§ **TASK OBJECTIVE**: The records that follow are to be given again exactly. Do not carry over any image.

(DATASET RECORDS)

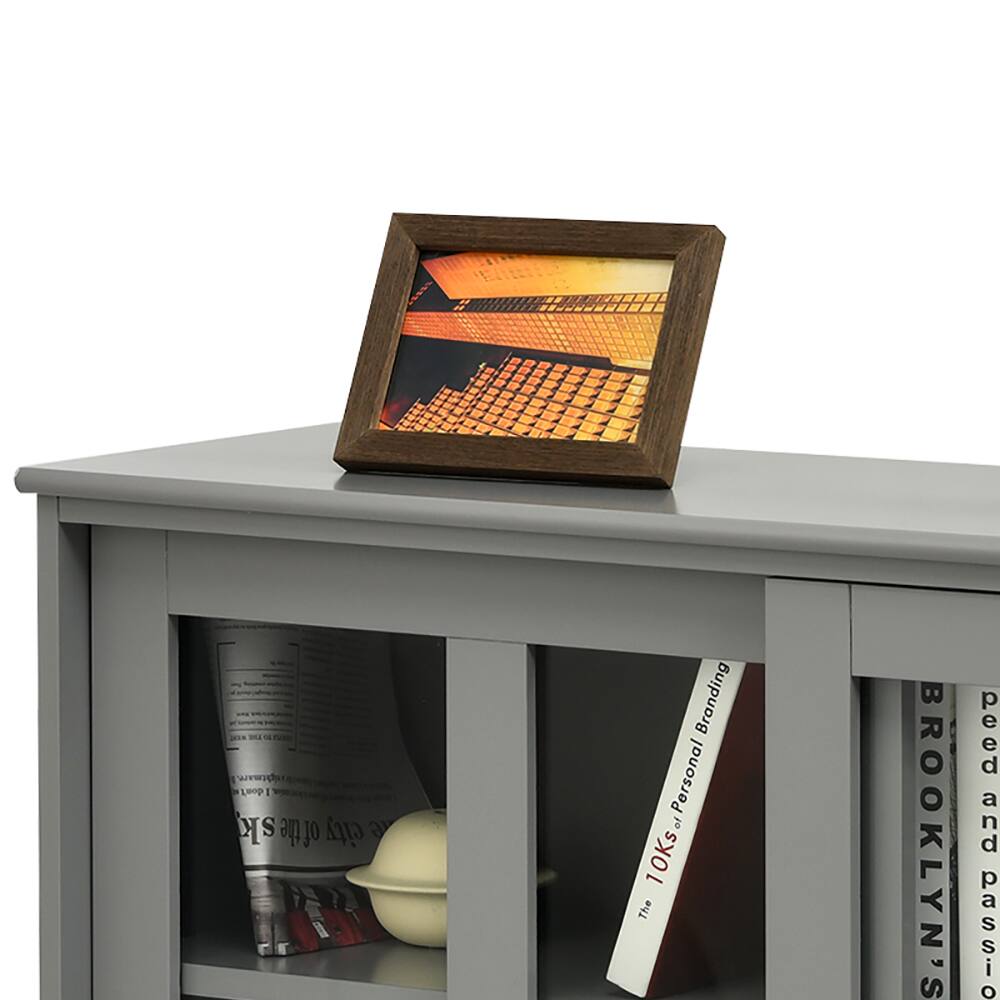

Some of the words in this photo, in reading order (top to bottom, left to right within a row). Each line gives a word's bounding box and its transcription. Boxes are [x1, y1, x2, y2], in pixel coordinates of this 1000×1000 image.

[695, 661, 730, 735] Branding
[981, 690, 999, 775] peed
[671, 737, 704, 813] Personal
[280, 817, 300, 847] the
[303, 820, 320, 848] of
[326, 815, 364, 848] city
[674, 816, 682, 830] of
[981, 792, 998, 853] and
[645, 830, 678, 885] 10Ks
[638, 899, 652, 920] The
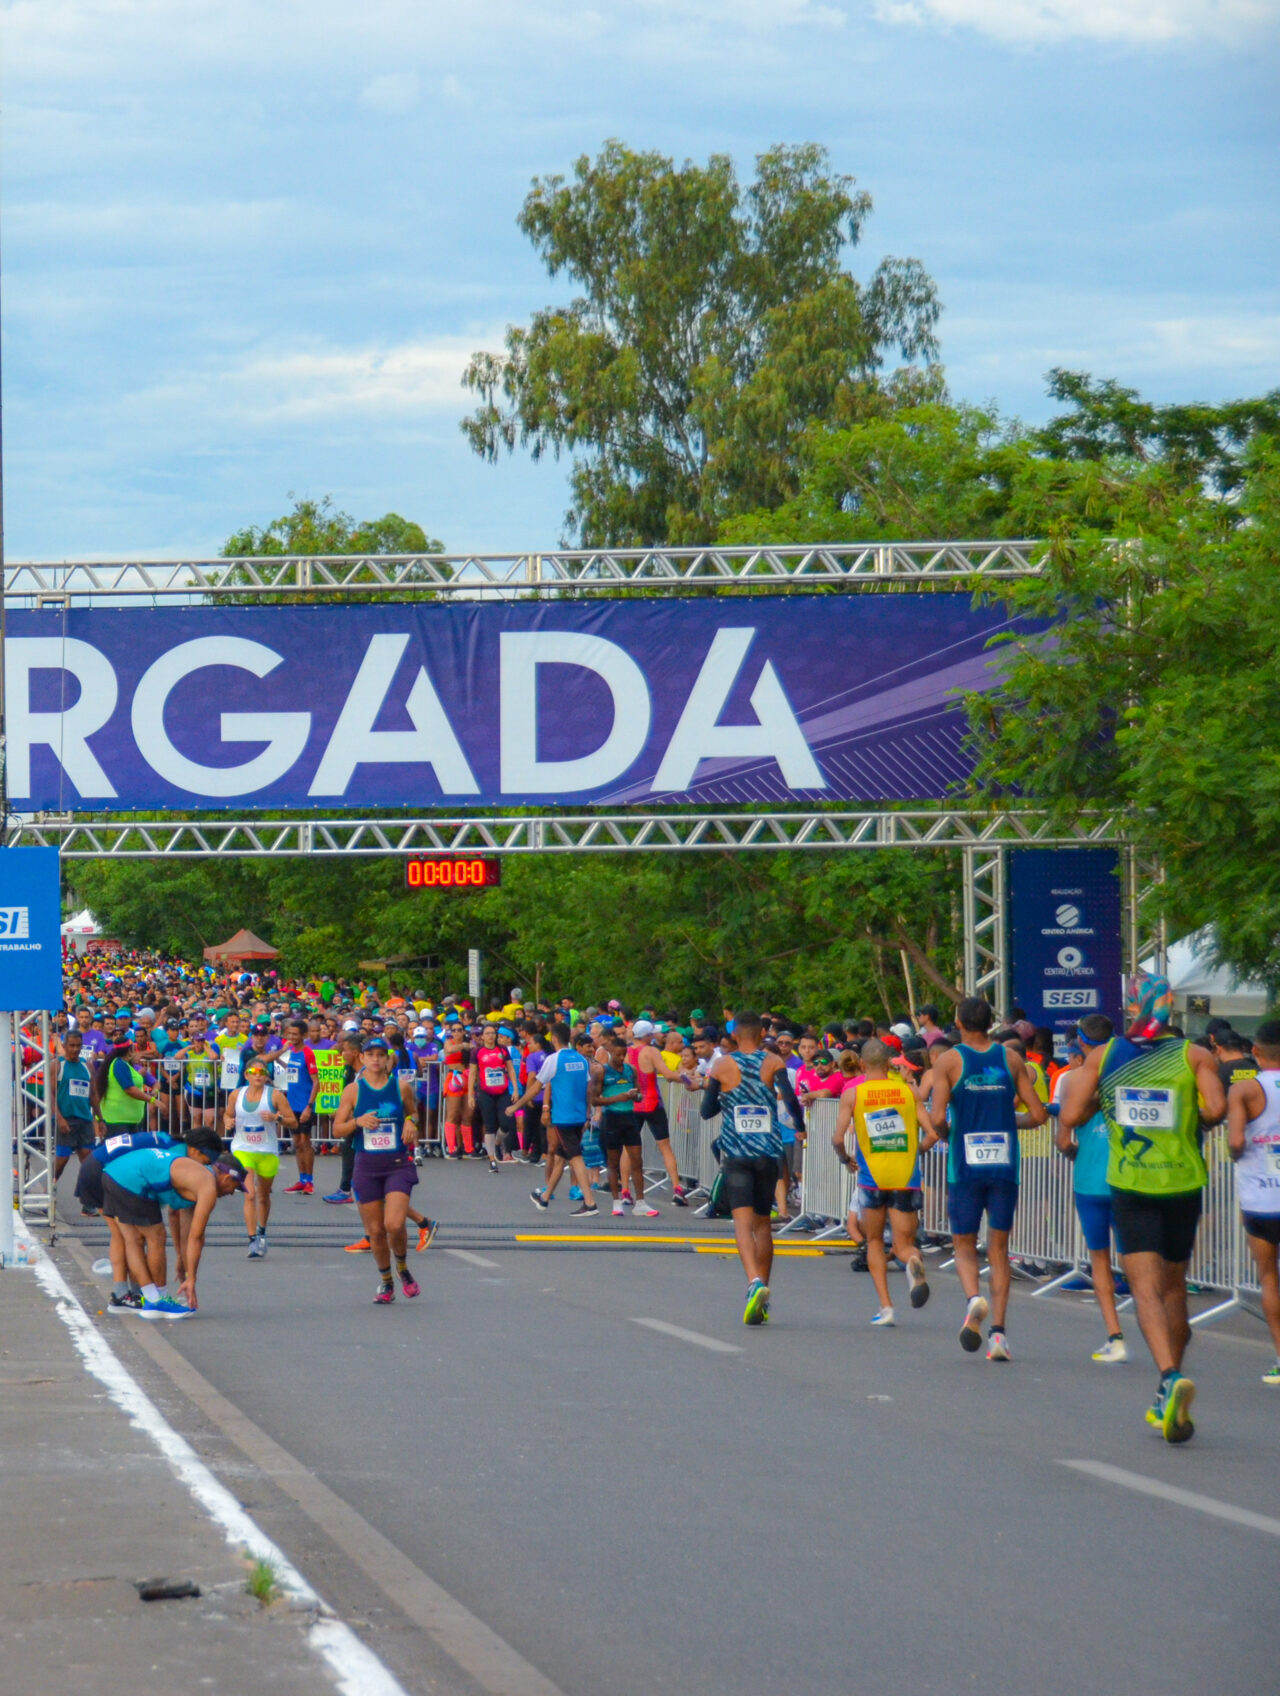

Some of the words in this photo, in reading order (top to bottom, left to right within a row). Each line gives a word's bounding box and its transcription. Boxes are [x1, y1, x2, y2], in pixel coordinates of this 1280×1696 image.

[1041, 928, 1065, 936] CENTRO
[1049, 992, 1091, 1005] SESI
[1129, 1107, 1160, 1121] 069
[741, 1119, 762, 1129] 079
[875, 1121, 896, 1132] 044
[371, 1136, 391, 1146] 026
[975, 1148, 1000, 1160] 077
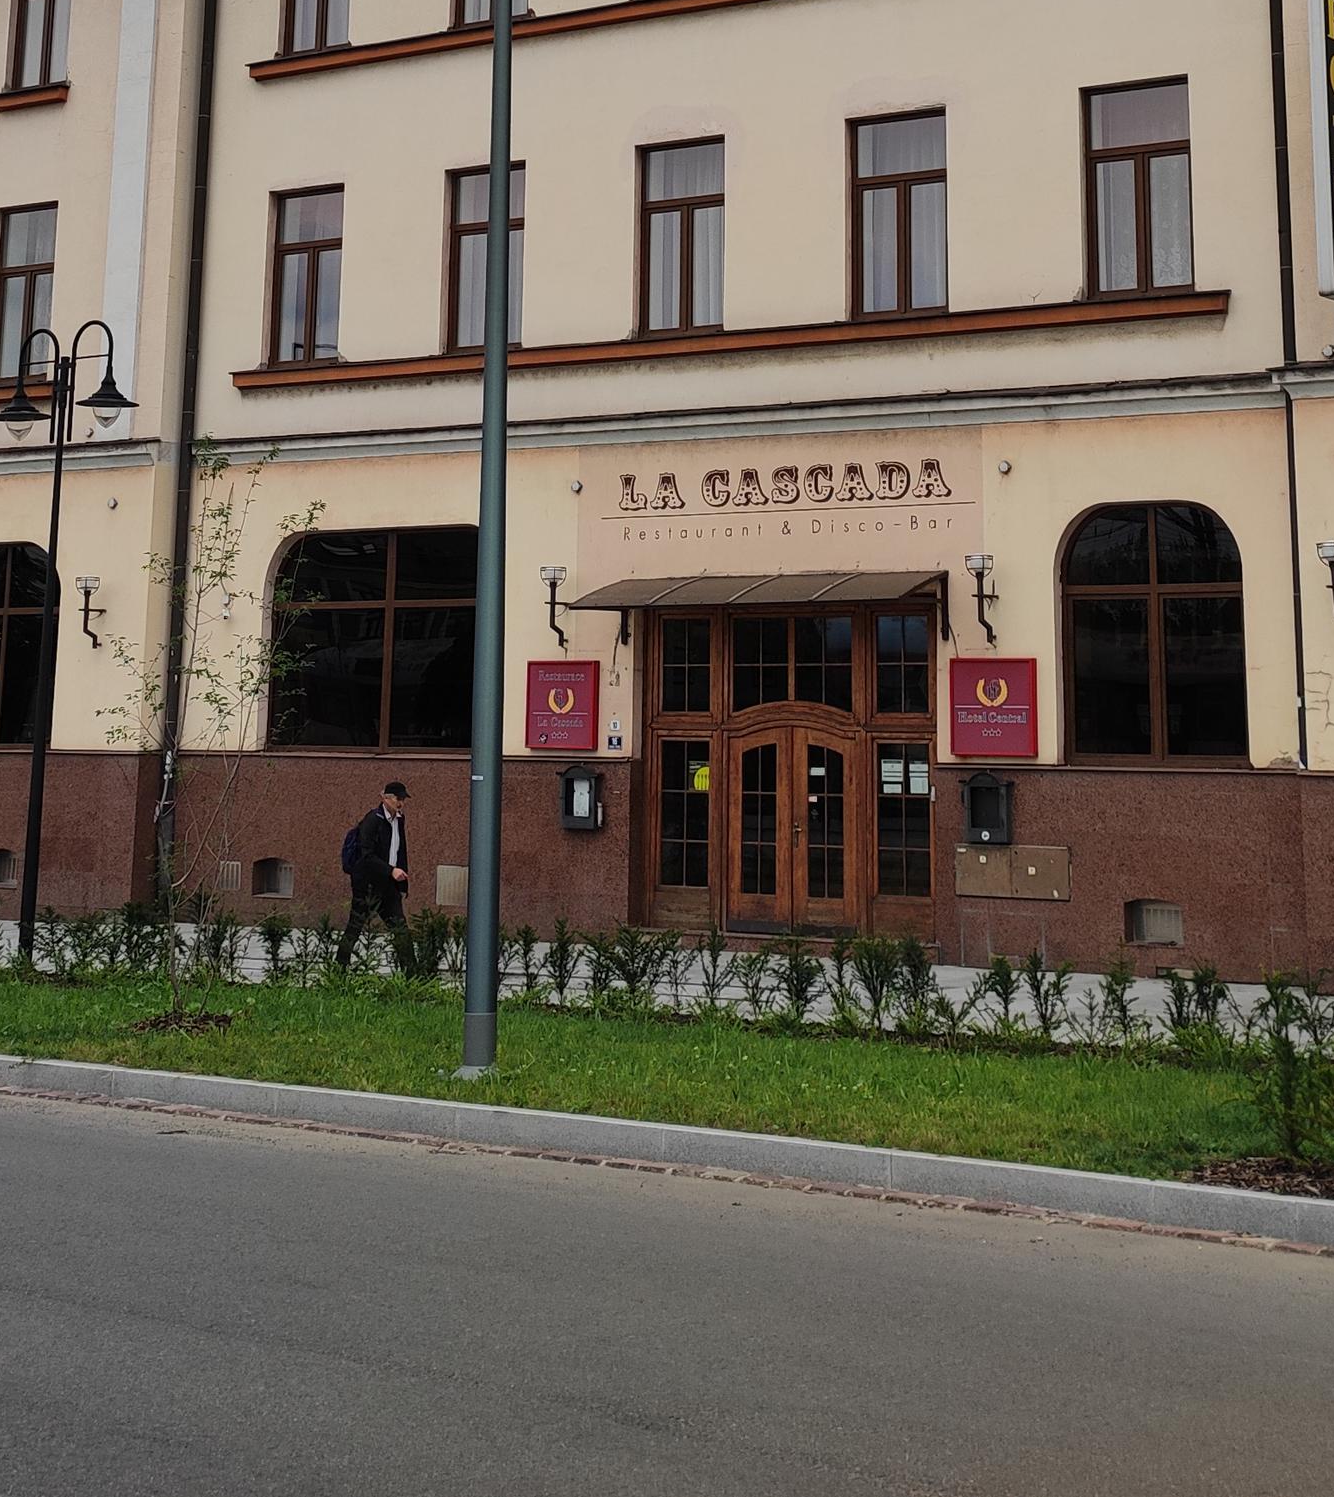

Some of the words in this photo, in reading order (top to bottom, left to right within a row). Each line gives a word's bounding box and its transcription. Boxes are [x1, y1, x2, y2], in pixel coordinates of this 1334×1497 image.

(End DATASET RECORDS)

§ **ANSWER BOX**:
Some of the words in this photo, in reading order (top to bottom, left to right within a row). Each line gives a word's bounding box and its transcription. Boxes are [x1, y1, x2, y2], in pixel coordinates of this 1000×1000 image.

[695, 661, 730, 735] Branding
[981, 690, 999, 775] peed
[671, 737, 704, 813] Personal
[280, 817, 300, 847] the
[303, 820, 320, 848] of
[326, 815, 364, 848] city
[674, 816, 682, 830] of
[981, 792, 998, 853] and
[645, 830, 678, 885] 10Ks
[638, 899, 652, 920] The

Some of the words in this photo, in reading order (top to bottom, left to right within a row). Each line gives a word's bounding box and its transcription. Boxes are [x1, y1, x2, y2], in pixel coordinates of this 1280×1696 image.

[1041, 928, 1065, 936] CENTRO
[1049, 992, 1091, 1005] SESI
[1129, 1107, 1160, 1121] 069
[741, 1119, 762, 1129] 079
[875, 1121, 896, 1132] 044
[371, 1136, 391, 1146] 026
[975, 1148, 1000, 1160] 077

Some of the words in this photo, in reading order (top to bottom, left to right within a row). Each line gives a word's bounding box and its transcription. Boxes are [x1, y1, x2, y2], in pixel coordinates of this 1334×1497 image.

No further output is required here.